In your copy, repeat each record exactly and include no pictures.

--- Dataset entries ---

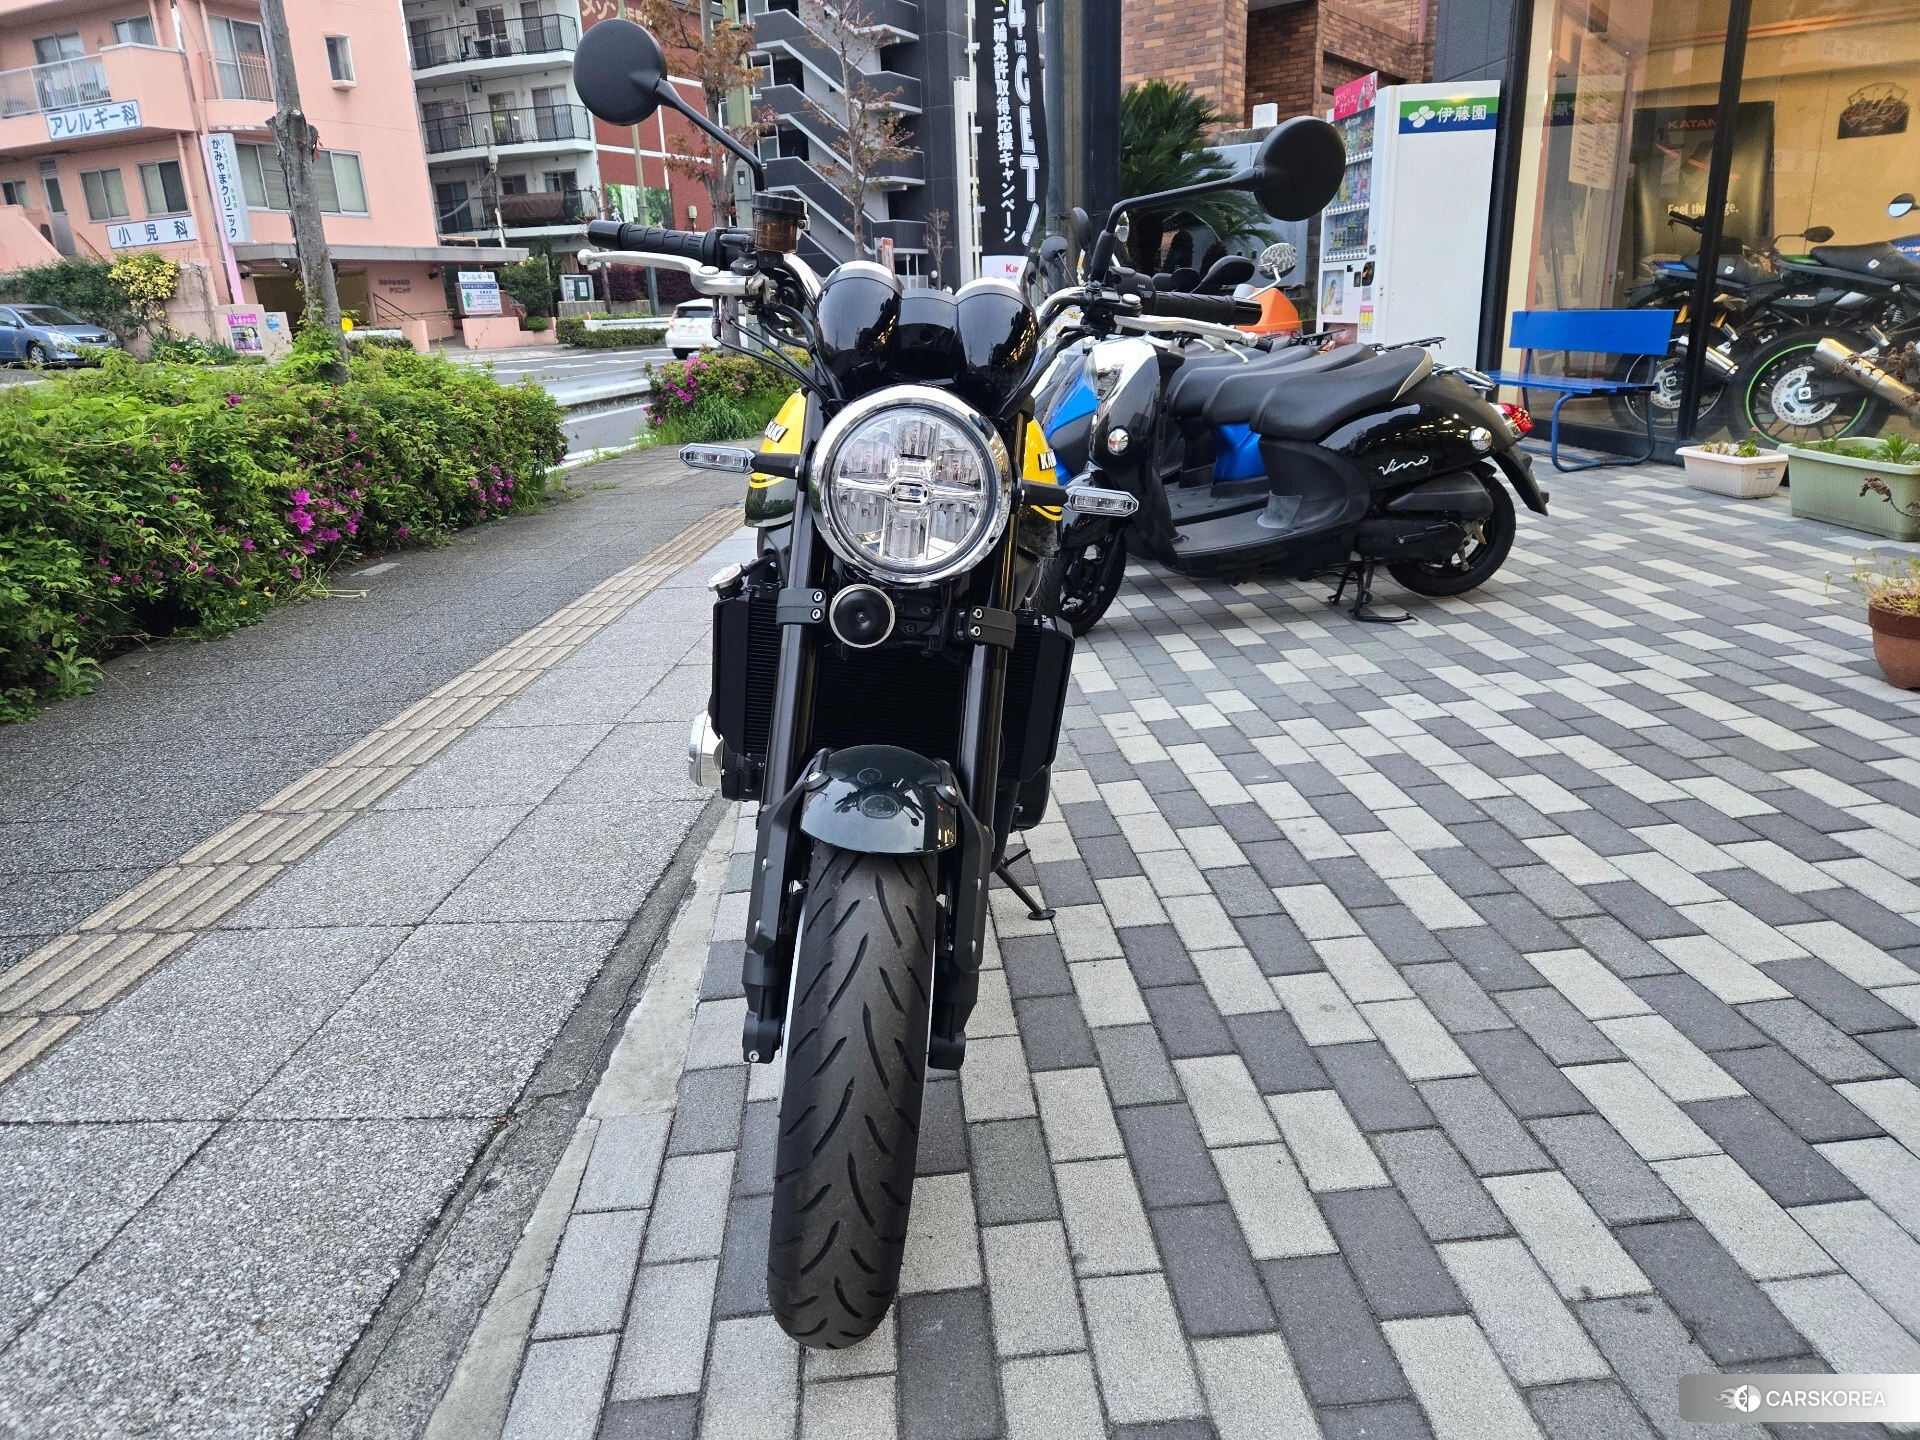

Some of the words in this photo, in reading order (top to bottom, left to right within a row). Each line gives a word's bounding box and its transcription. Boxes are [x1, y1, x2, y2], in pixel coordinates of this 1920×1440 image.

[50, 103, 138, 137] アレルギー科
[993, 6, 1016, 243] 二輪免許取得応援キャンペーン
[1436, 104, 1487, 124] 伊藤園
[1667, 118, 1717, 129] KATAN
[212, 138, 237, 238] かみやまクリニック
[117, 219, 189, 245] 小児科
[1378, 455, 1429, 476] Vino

---

» **Solution for this exercise**
Some of the words in this photo, in reading order (top to bottom, left to right within a row). Each line gives a word's bounding box and its transcription. Boxes are [x1, y1, x2, y2], in pixel coordinates of this 1920×1440 image.

[50, 103, 138, 137] アレルギー科
[993, 6, 1016, 243] 二輪免許取得応援キャンペーン
[1436, 104, 1487, 124] 伊藤園
[1667, 118, 1717, 129] KATAN
[212, 138, 237, 238] かみやまクリニック
[117, 219, 189, 245] 小児科
[1378, 455, 1429, 476] Vino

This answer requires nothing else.